▶ **Information**
---*---

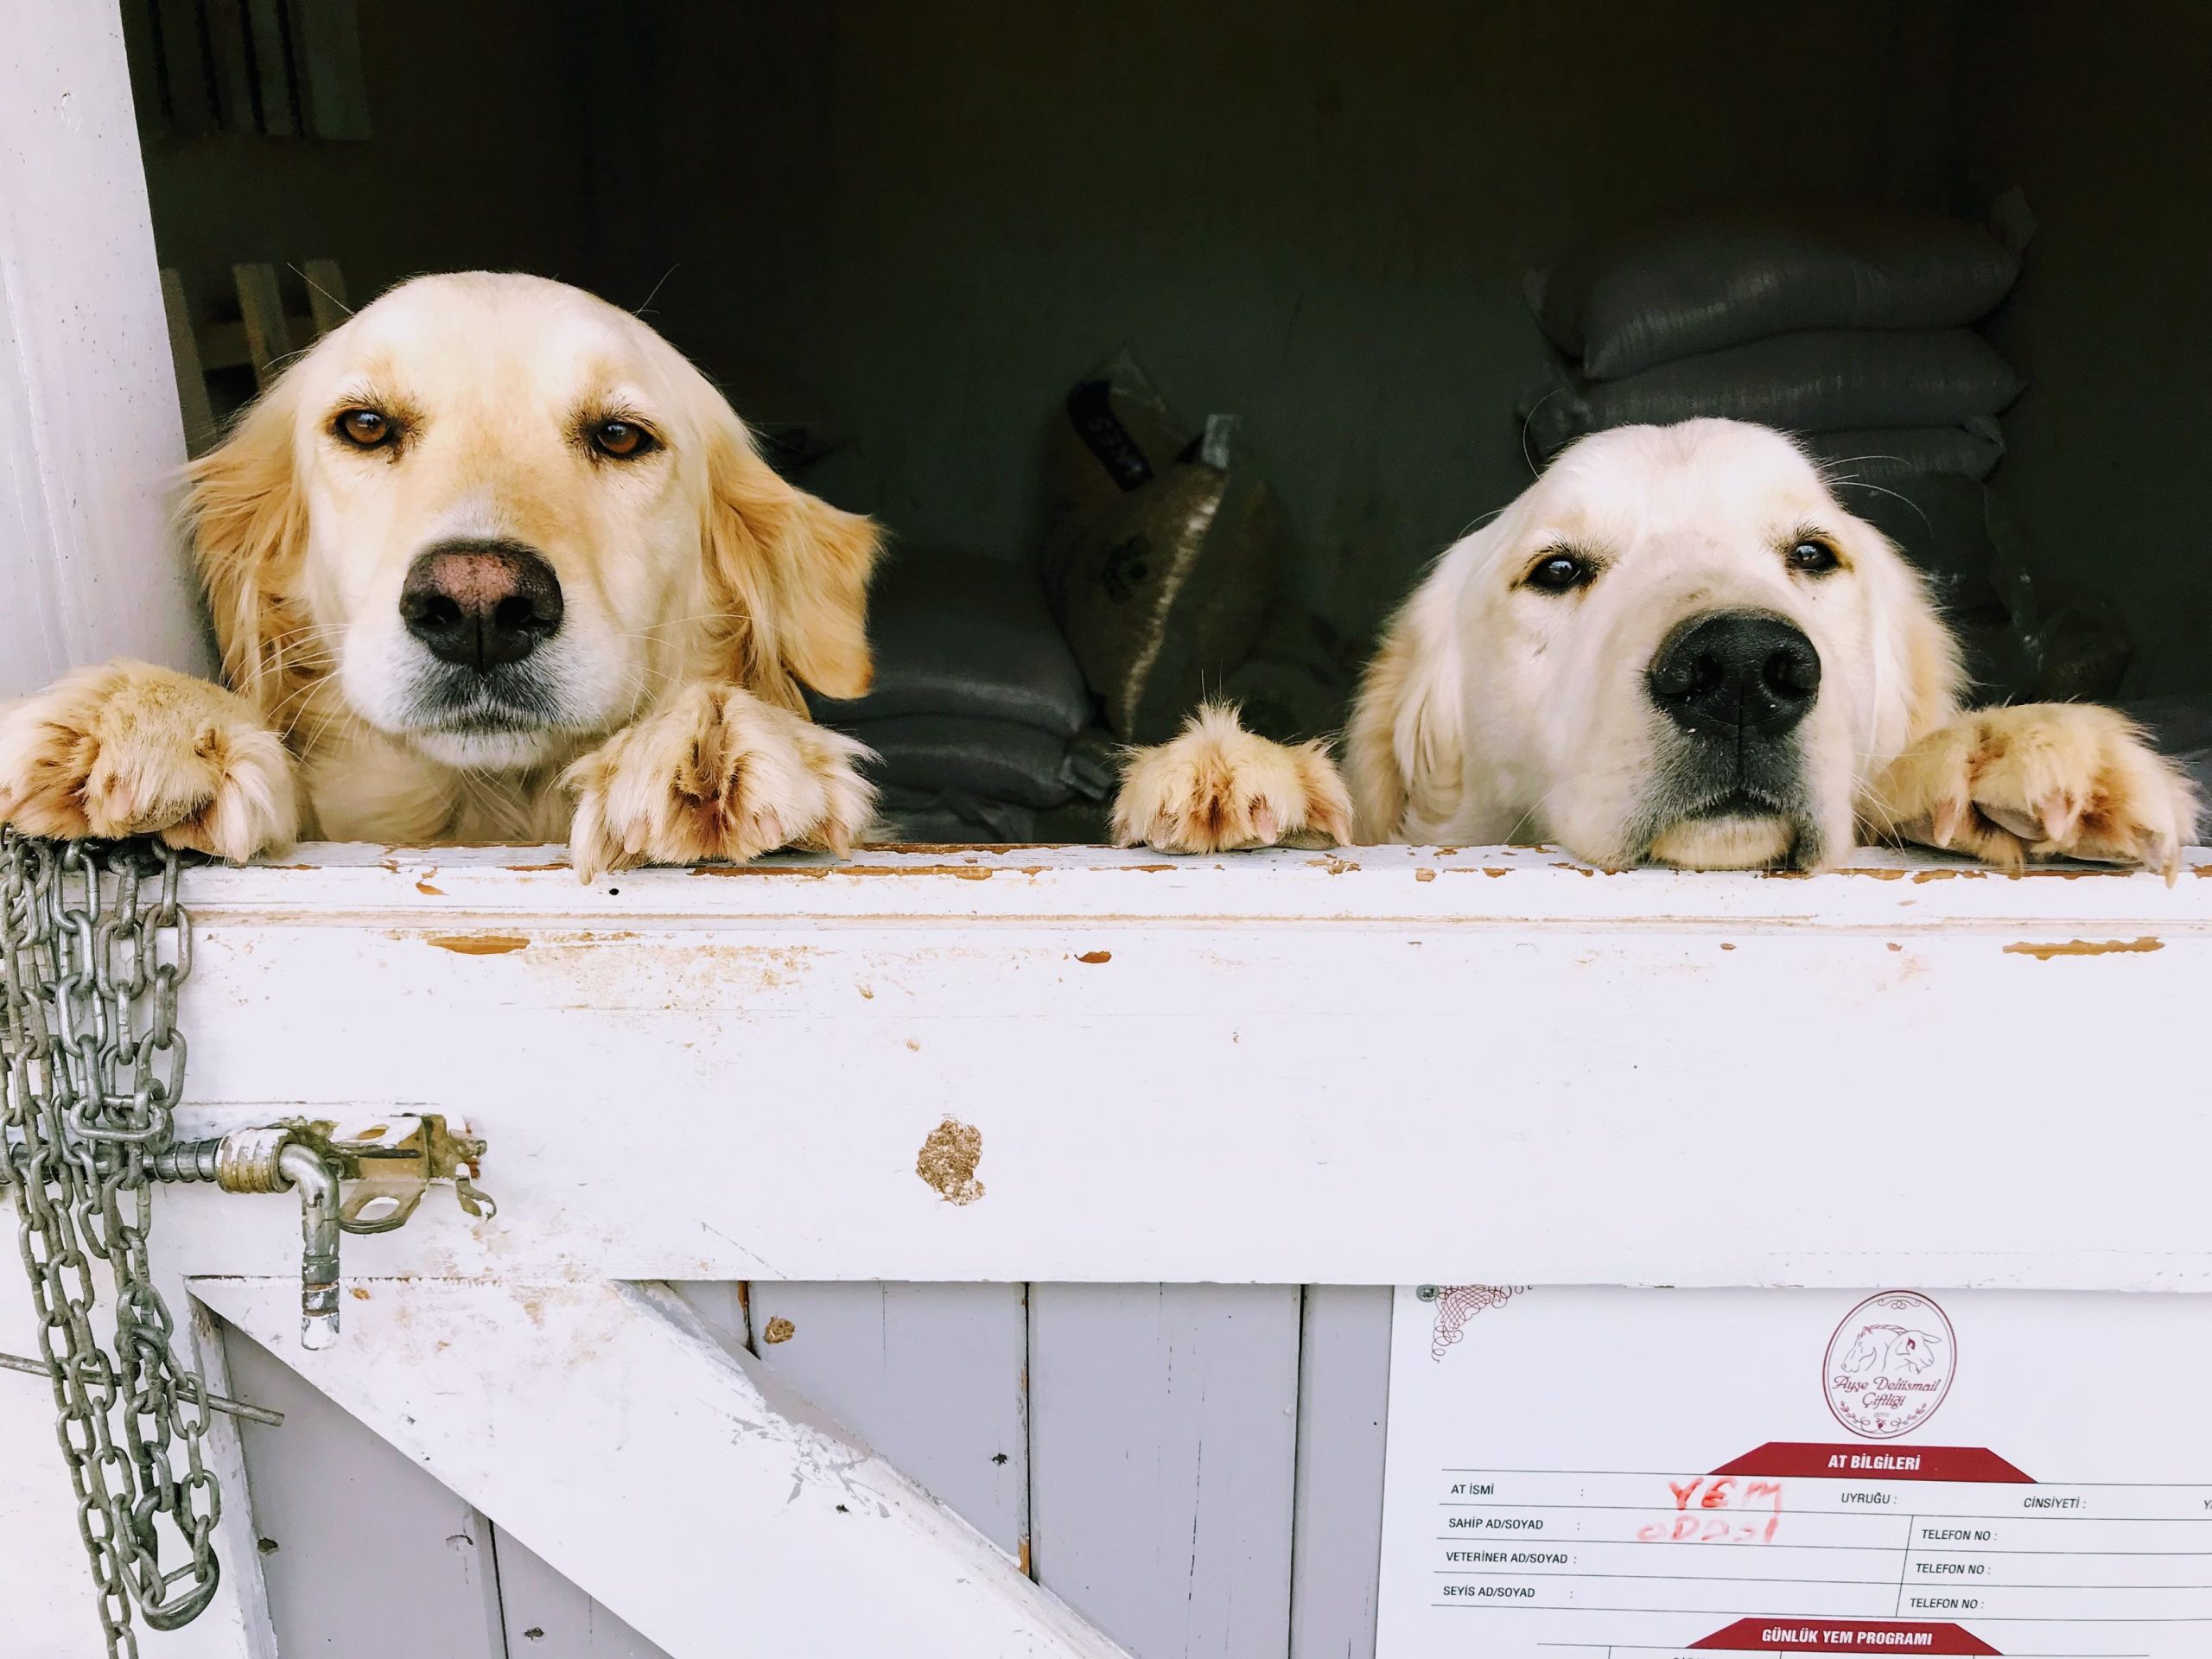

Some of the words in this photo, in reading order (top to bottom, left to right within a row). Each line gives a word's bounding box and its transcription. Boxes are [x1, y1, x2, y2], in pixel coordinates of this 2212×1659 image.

[1832, 1375, 1868, 1393] Ayşe
[1862, 1392, 1906, 1409] Çiftliği
[1827, 1454, 1847, 1468] AT
[1850, 1452, 1921, 1471] BİLGİLERİ
[1451, 1484, 1466, 1494] AT
[1469, 1483, 1494, 1495] İSMİ
[1669, 1477, 1782, 1516] YEM
[1841, 1492, 1891, 1504] UYRUĞU
[2024, 1496, 2081, 1509] CİNSİYETİ
[1448, 1516, 1483, 1529] SAHİP
[1485, 1519, 1543, 1529] AD/SOYAD
[1922, 1529, 1971, 1540] TELEFON
[1974, 1530, 1991, 1541] NO
[1446, 1550, 1507, 1563] VETERİNER
[1510, 1553, 1568, 1564] AD/SOYAD
[1916, 1563, 1965, 1573] TELEFON
[1967, 1564, 1985, 1574] NO
[1443, 1585, 1475, 1597] SEYİS
[1478, 1586, 1535, 1598] AD/SOYAD
[1910, 1598, 1959, 1608] TELEFON
[1961, 1599, 1978, 1609] NO
[1762, 1627, 1819, 1643] GÜNLÜK
[1822, 1630, 1853, 1643] YEM
[1857, 1631, 1932, 1645] PROGRAMI

---*---

Your output must reproduce the material above in full, with no pictures.

▶ **Answer to the problem**
Some of the words in this photo, in reading order (top to bottom, left to right within a row). Each line gives a word's bounding box and its transcription. Boxes are [x1, y1, x2, y2], in pixel coordinates of this 2212×1659 image.

[1832, 1375, 1868, 1393] Ayşe
[1862, 1392, 1906, 1409] Çiftliği
[1827, 1454, 1847, 1468] AT
[1850, 1452, 1921, 1471] BİLGİLERİ
[1451, 1484, 1466, 1494] AT
[1469, 1483, 1494, 1495] İSMİ
[1669, 1477, 1782, 1516] YEM
[1841, 1492, 1891, 1504] UYRUĞU
[2024, 1496, 2081, 1509] CİNSİYETİ
[1448, 1516, 1483, 1529] SAHİP
[1485, 1519, 1543, 1529] AD/SOYAD
[1922, 1529, 1971, 1540] TELEFON
[1974, 1530, 1991, 1541] NO
[1446, 1550, 1507, 1563] VETERİNER
[1510, 1553, 1568, 1564] AD/SOYAD
[1916, 1563, 1965, 1573] TELEFON
[1967, 1564, 1985, 1574] NO
[1443, 1585, 1475, 1597] SEYİS
[1478, 1586, 1535, 1598] AD/SOYAD
[1910, 1598, 1959, 1608] TELEFON
[1961, 1599, 1978, 1609] NO
[1762, 1627, 1819, 1643] GÜNLÜK
[1822, 1630, 1853, 1643] YEM
[1857, 1631, 1932, 1645] PROGRAMI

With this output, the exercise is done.